Echoing Garcia, Ritter said, “It’s hard to believe.” He looked at the body on the floor. “Gideon Stark of all people. Mein Gott.”
“He was an ambitious man,” Red said. Then, after adjusting the bloodstained towel around Augusta’s neck, “Where is that damned doctor?”
“The damned doctor is here,” John Monroe said, a stocky, white-haired man who wore pince-nez glasses at the end of his snub nose. He looked unflustered and competent. “All of you out,” he said. “Leave the patient some air to breathe.”
“Doc, is she going to be all right?” Red said.
“Son, how would I know?” Monroe said. “I haven’t examined her yet. Now out. All of you.”
“The man on the floor is dead,” Ritter said, “Apoplexy.”
“It doesn’t take a doctor to see that,” Monroe said. “A massive stroke, for sure. He’s been dead for at least fifteen minutes.”
“Aren’t you going to examine him?” Ritter said.
Monroe bent over Stark, felt the man’s neck, straightened and said, “There, I’ve examined him, Sheriff. He’s dead.”
“One more thing,” Red said. He held up the thick, viciously spiked wire. “This is what he used to try and strangle Miss Addington.”
Monroe looked at the garrote and nodded. “Yes, I see. Now get out of here.”
Red and the others stepped out of the room and stood in the hallway. Red built a cigarette, as did Garcia, and they both smoked. Sheriff Ritter, looking worried, seemed as though he was trying to say something helpful, intelligent, or at least official, but gave up the attempt and stood with his back to the wall, his face empty.
Red smoked three cigarettes before the door opened and Dr. Monroe stepped into the hallway. “How is she, Doctor?” Ritter said.
“She’s still in shock, but she’ll be fine,” Monroe said. “I treated the wounds on her throat and the sides of her neck and then I bandaged her. I’ll come see her again tomorrow to make sure that there’s no sign of infection.” The doctor looked at Red and said, “My female patients tell me the fashion trend is for dresses with high collars. That is good, because she’ll need them . . . at least for a while until the scars fade.” Then to Ritter. “Did you send for Benny Bone to take care of the dead man?”
Garcia answered that question. “He was my patron. I will take him back to his ranch.”
Monroe nodded and then said, “Any progress in finding the killer of that poor whiskey salesman, Sheriff Ritter?”
“Not yet, but my investigation is proceeding apace,” Ritter said.
“I hope you find him soon,” Monroe said. “First the drummer and then Dr. Bradford. It’s getting to be that a man can’t sleep safe in his bed at night.”
“I have a posse out now on the trail of two of the men connected with the doctor’s slaying,” Ritter said.
Monroe shook his head. “A bad business, Ritter,” he said. “You’d better stay on top of things around here. You know that Bill Summers is considering a run for sheriff?”
“Yes, I’ve heard,” Ritter said.
“A good man, Bill,” Monroe said. “Fought in Tennessee under General Patrick Cleburne in the war.” He tipped his hat. “Well, good day to you gentlemen. I have impatient patients waiting.” He smiled. “Just a little doctor’s joke.”
* * *
Red Ryan sat on the bed and took Augusta Addington’s hand. “How are you feeling?” he said. He shook his head. “Stupid question. I think I have a good idea about how you feel.”

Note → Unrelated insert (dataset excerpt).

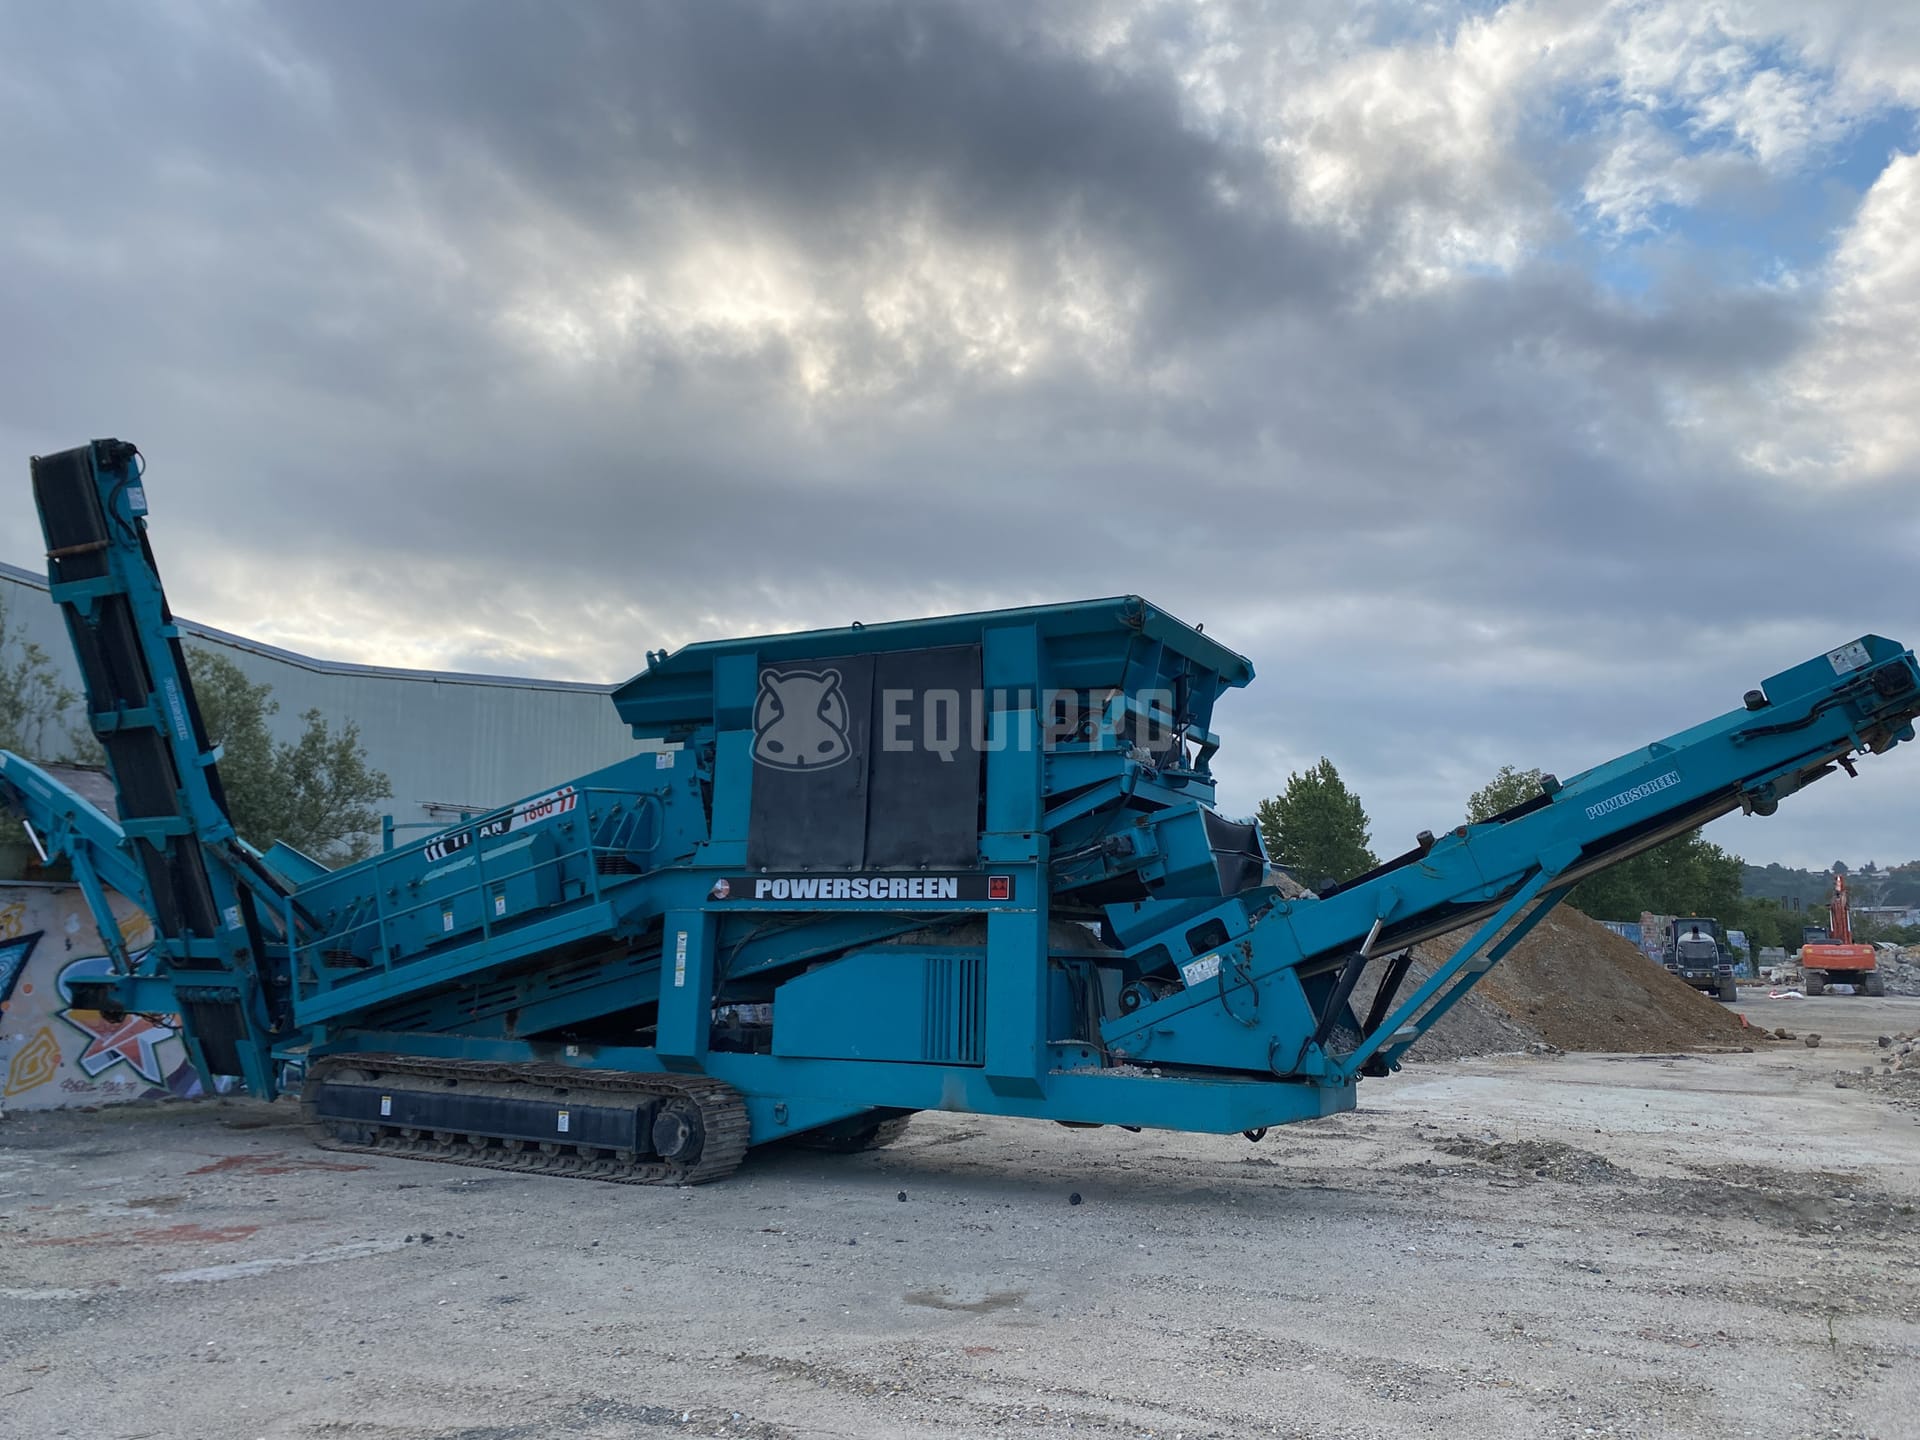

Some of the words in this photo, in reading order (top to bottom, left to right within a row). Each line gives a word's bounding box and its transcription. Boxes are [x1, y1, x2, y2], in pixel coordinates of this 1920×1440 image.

Augusta tried to smile, failed, and said, “The doctor gave me something for the pain. I feel all right.”
“You’ll be up and about in no time,” Red said. “I see the roses coming back to your cheeks already.”
“Dr. Monroe says the scars will go away when I’m an old lady,” Augusta said.
Red kissed her pale mouth. “Then we’ll celebrate that day, you and me,” he said.
“Yes, we will,” Augusta said. She squeezed Red’s hand. “Just the two of us.”